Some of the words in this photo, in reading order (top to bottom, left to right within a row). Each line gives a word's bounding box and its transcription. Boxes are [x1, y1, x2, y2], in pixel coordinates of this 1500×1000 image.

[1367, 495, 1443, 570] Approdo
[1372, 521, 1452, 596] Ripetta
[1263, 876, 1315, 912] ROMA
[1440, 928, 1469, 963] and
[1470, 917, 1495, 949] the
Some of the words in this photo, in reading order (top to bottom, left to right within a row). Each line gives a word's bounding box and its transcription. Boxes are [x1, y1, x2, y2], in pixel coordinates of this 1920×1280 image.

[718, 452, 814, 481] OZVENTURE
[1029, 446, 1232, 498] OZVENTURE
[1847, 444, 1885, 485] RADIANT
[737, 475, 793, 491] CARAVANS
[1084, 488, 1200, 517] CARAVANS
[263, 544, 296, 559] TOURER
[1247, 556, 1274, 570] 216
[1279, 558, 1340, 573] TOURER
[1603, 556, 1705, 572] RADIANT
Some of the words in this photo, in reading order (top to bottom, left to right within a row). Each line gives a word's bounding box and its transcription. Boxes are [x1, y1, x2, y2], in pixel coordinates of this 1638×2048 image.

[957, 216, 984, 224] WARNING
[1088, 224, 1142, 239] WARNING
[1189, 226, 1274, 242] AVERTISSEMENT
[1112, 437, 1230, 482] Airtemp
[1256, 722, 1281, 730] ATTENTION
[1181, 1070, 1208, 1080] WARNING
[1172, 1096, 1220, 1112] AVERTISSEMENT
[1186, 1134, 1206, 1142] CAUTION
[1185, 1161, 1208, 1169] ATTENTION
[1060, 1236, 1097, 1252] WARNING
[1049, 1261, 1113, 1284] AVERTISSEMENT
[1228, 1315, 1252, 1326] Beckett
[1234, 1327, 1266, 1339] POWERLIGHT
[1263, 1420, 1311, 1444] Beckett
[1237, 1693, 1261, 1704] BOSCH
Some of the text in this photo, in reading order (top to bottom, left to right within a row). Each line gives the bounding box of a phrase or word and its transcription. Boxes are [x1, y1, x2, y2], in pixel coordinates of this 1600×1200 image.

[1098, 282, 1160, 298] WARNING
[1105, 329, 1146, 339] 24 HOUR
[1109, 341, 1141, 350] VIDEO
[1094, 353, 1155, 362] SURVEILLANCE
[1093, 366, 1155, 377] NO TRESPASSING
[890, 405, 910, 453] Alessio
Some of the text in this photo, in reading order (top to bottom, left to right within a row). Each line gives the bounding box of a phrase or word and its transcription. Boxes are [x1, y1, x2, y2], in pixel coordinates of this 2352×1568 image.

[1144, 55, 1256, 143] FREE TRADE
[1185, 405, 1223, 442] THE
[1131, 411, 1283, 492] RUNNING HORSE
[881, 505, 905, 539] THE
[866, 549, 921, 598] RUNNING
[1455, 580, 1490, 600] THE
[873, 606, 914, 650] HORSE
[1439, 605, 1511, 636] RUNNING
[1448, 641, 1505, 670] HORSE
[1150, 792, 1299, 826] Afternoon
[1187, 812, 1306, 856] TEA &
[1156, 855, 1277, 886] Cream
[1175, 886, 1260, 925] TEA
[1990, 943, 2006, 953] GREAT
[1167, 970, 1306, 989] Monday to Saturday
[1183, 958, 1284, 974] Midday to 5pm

▬▬▬▬▬▬

*Exercise brief:* Each line of the listing should be printed again, exactly.

*Task response:*
Some of the words in this photo, in reading order (top to bottom, left to right within a row). Each line gives a word's bounding box and its transcription. Boxes are [x1, y1, x2, y2], in pixel coordinates of this 1500×1000 image.

[1367, 495, 1443, 570] Approdo
[1372, 521, 1452, 596] Ripetta
[1263, 876, 1315, 912] ROMA
[1440, 928, 1469, 963] and
[1470, 917, 1495, 949] the
Some of the words in this photo, in reading order (top to bottom, left to right within a row). Each line gives a word's bounding box and its transcription. Boxes are [x1, y1, x2, y2], in pixel coordinates of this 1920×1280 image.

[718, 452, 814, 481] OZVENTURE
[1029, 446, 1232, 498] OZVENTURE
[1847, 444, 1885, 485] RADIANT
[737, 475, 793, 491] CARAVANS
[1084, 488, 1200, 517] CARAVANS
[263, 544, 296, 559] TOURER
[1247, 556, 1274, 570] 216
[1279, 558, 1340, 573] TOURER
[1603, 556, 1705, 572] RADIANT
Some of the words in this photo, in reading order (top to bottom, left to right within a row). Each line gives a word's bounding box and its transcription. Boxes are [x1, y1, x2, y2], in pixel coordinates of this 1638×2048 image.

[957, 216, 984, 224] WARNING
[1088, 224, 1142, 239] WARNING
[1189, 226, 1274, 242] AVERTISSEMENT
[1112, 437, 1230, 482] Airtemp
[1256, 722, 1281, 730] ATTENTION
[1181, 1070, 1208, 1080] WARNING
[1172, 1096, 1220, 1112] AVERTISSEMENT
[1186, 1134, 1206, 1142] CAUTION
[1185, 1161, 1208, 1169] ATTENTION
[1060, 1236, 1097, 1252] WARNING
[1049, 1261, 1113, 1284] AVERTISSEMENT
[1228, 1315, 1252, 1326] Beckett
[1234, 1327, 1266, 1339] POWERLIGHT
[1263, 1420, 1311, 1444] Beckett
[1237, 1693, 1261, 1704] BOSCH
Some of the text in this photo, in reading order (top to bottom, left to right within a row). Each line gives the bounding box of a phrase or word and its transcription. Boxes are [x1, y1, x2, y2], in pixel coordinates of this 1600×1200 image.

[1098, 282, 1160, 298] WARNING
[1105, 329, 1146, 339] 24 HOUR
[1109, 341, 1141, 350] VIDEO
[1094, 353, 1155, 362] SURVEILLANCE
[1093, 366, 1155, 377] NO TRESPASSING
[890, 405, 910, 453] Alessio
Some of the text in this photo, in reading order (top to bottom, left to right within a row). Each line gives the bounding box of a phrase or word and its transcription. Boxes are [x1, y1, x2, y2], in pixel coordinates of this 2352×1568 image.

[1144, 55, 1256, 143] FREE TRADE
[1185, 405, 1223, 442] THE
[1131, 411, 1283, 492] RUNNING HORSE
[881, 505, 905, 539] THE
[866, 549, 921, 598] RUNNING
[1455, 580, 1490, 600] THE
[873, 606, 914, 650] HORSE
[1439, 605, 1511, 636] RUNNING
[1448, 641, 1505, 670] HORSE
[1150, 792, 1299, 826] Afternoon
[1187, 812, 1306, 856] TEA &
[1156, 855, 1277, 886] Cream
[1175, 886, 1260, 925] TEA
[1990, 943, 2006, 953] GREAT
[1167, 970, 1306, 989] Monday to Saturday
[1183, 958, 1284, 974] Midday to 5pm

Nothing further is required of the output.